Is this the week Sporting KC protects its home turf? St. Louis is here Saturday

Eight games into the 2024 Major League Soccer season, Sporting Kansas City has already played its fair share of home matches.

Saturday’s game against St. Louis City SC will be Sporting KC’s sixth of the year at Children’s Mercy Park.

“I call it a war when they come here,” Sporting KC forward Willy Agada said.

Children’s Mercy Park had long been a fortress for Sporting, but the team has just five points through five home games — including last weekend’s one-off against Lionel Messi and Inter Miami CF at GEHA Field at Arrowhead Stadium. In fact, KC’s only losses of the young season have come on home turf.

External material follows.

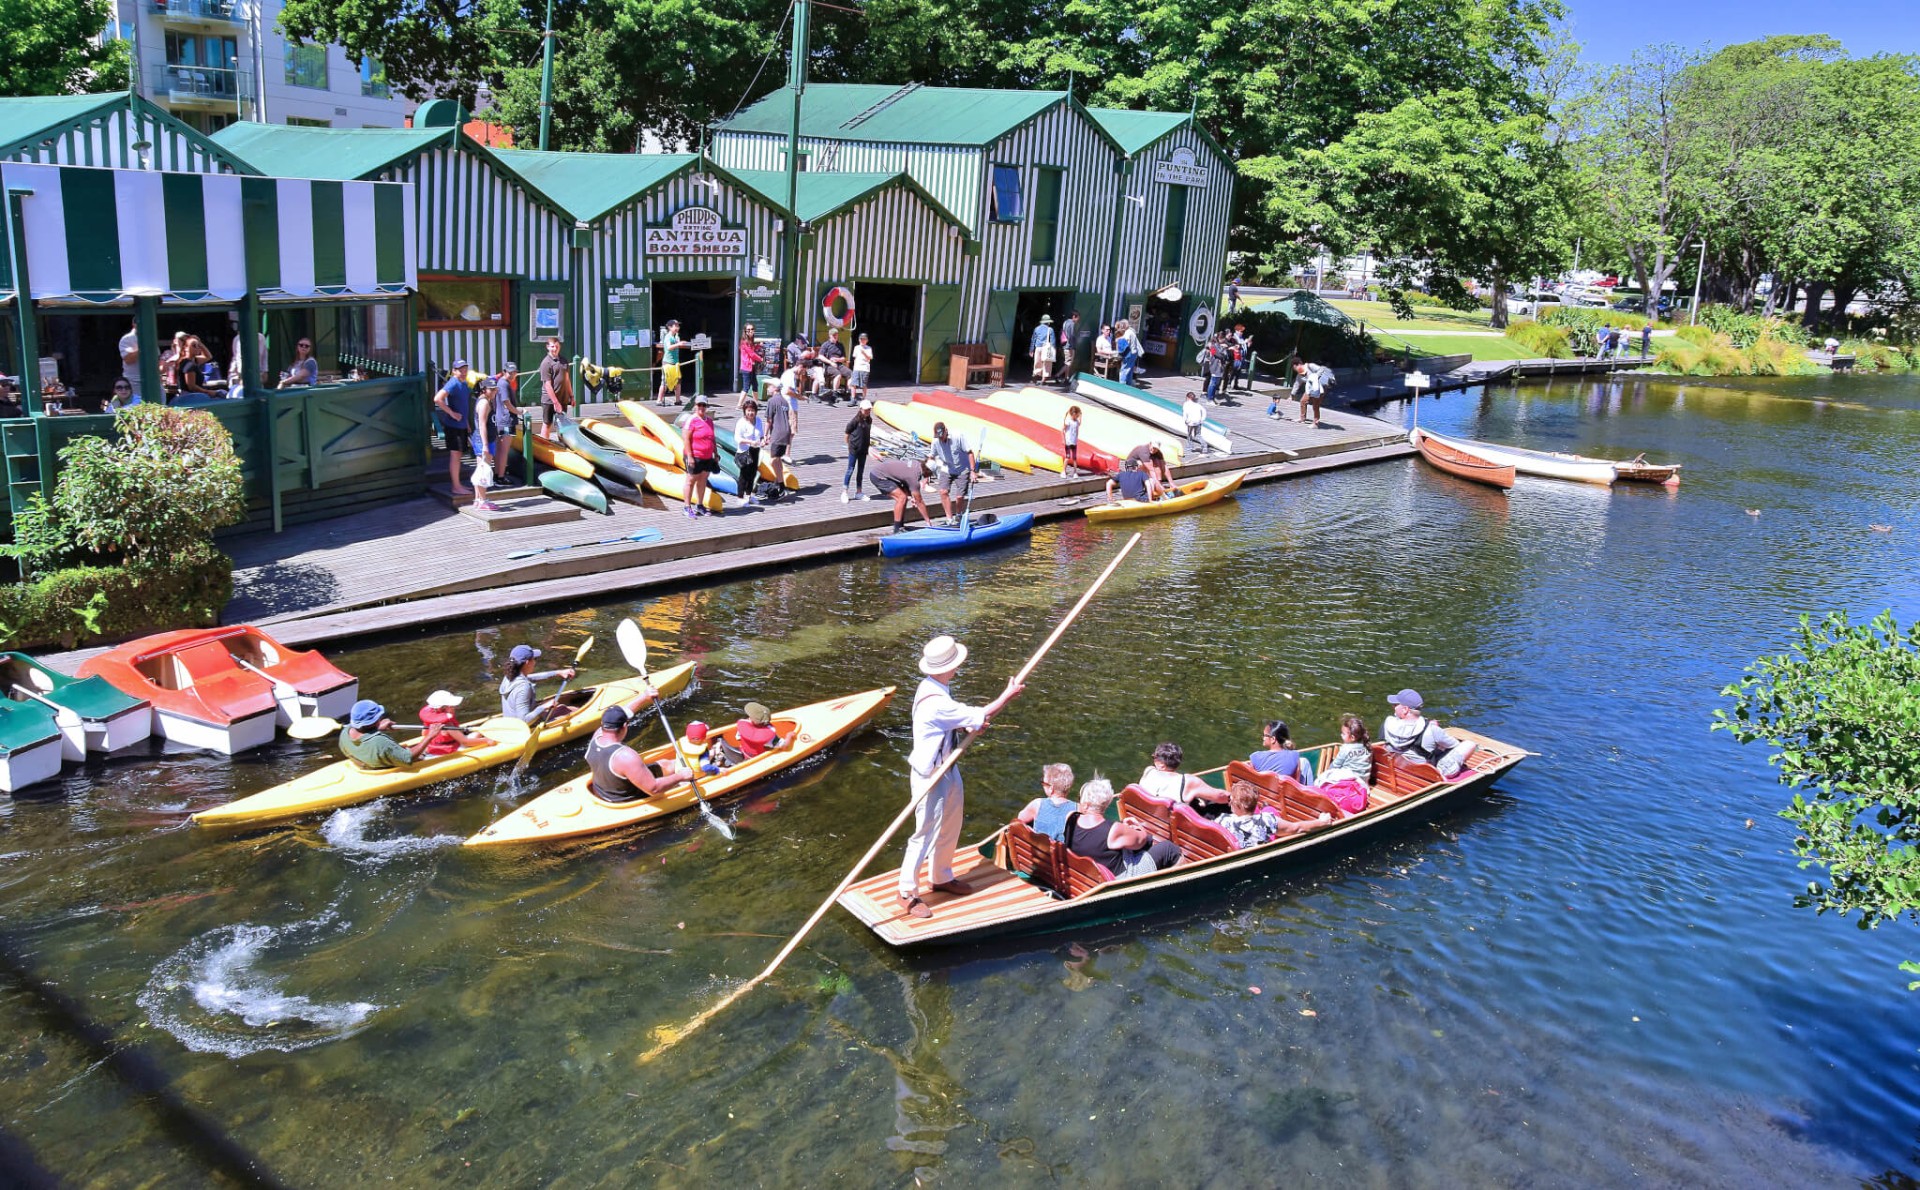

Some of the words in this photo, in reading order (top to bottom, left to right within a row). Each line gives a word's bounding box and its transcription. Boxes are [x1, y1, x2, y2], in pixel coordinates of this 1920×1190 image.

It’s not for a lack of goals on Sporting KC’s part. Manager Peter Vermes’ club has scored 14 goals, including 10 in the past four matches.

More concerning is the fact that Sporting KC has coughed up leads in four of those five home affairs. Not to mention the 11 goals Kansas City has conceded at home.

“The goals are gonna be scored in games, just like we’re scoring on other teams,” Vermes said. “It’s the moments that we’re giving up goals and in the way (we’re giving them up).”

Indeed, those tide-turning moments are coming late in games. Of the 11 goals Sporting’s conceded in those five home matches, and only two have come in the first half. And of the nine second-half goals conceded, six have come after the 70th minute — and all but Messi’s goal Saturday were scored within the final half-hour of matches.

This is a trend that Sporting KC must buck, but Vermes doesn’t think his team needs to bunker in to close out games better.

“I think you still have to play (when holding a lead or favorable result),” Vermes said. “But you also have to make high-percentage decisions that are in your favor.”

Take, for example, Miami’s winning goal last weekend. At first glance, it appeared KC’s Jake Davis mishandled a pass from goalkeeper Tim Melia. That led to Luis Suarez, one of his generation’s best goal-scorers, being open in front of an empty goal.

The way Vermes sees it, however, Sporting KC shouldn’t have been in such a vulnerable situation to start with. He said he wished Melia had just kicked the ball long instead of trying to play out of the back in that moment. He hopes his squad will make better late-match decisions Saturday.

“I think it comes down to that: finishing the game out, but making decisions based on the result,” Vermes said. “And if we’re doing that, then I think you don’t really question yourself anymore.”

The outlook as St. Louis City arrives Saturday isn’t all gloomy, of course. On the bright side, Sporting KC has scored first in six of eight matches.

“It’s not just a game,” Agada said. “It’s something that you have to give back. This is when you show the fans that we are always here for you.”

New rules begin across MLS this week

A number of MLS rules changes were ratified this offseason. But due to the referees’ lockout, the league put a hold on their implementation.

Now that the officials’ situation is settled, the league plans to begin rolling out the new rules. Here’s what you might see:

  • VAR decisions: They will be announced inside the stadium by the head referee. This change will see replay rulings communicated similarly to the way the NFL does it. MLS is one of the first soccer leagues in the world to implement this rule.

  • Timed substitution rule: Any player substituted must exit the field at the nearest point of entry within 10 seconds. If he fails to do so, the oncoming player must wait a minimum of 60 seconds before entering the game at the next stoppage in play. Exceptions will be made for injury and goalkeeper substitutions.

  • Off-field treatment rule: This one is designed to minimize the amount of time players spend rolling around on the ground, feigning injury to waste time. If an injured player stays on the ground for longer than 15 seconds, the referee will bring on the team’s medical staff. When the player can safely be removed from the field, he must stay off the field for two minutes before returning. Exceptions include head injuries, goalkeeper injuries, serious medical events and fouls resulting in yellow or red cards.

Sporting KC learns U.S. Open Cup foe

U.S. Soccer has conducted the draw for the Round of 32 in the Lamar Hunt U.S. Open Cup.

The draw sends Sporting KC north to face Union Omaha of the USL League One, the equivalent of the third division in U.S. Soccer.

It’s a rematch of the 2022 U.S. Open Cup quarterfinal, won 6-0 by Sporting KC at Children’s Mercy Park. The last time Sporting KC played on the road against a lower-division team was the 2022 semifinals (Sacramento Republic won on penalty kicks).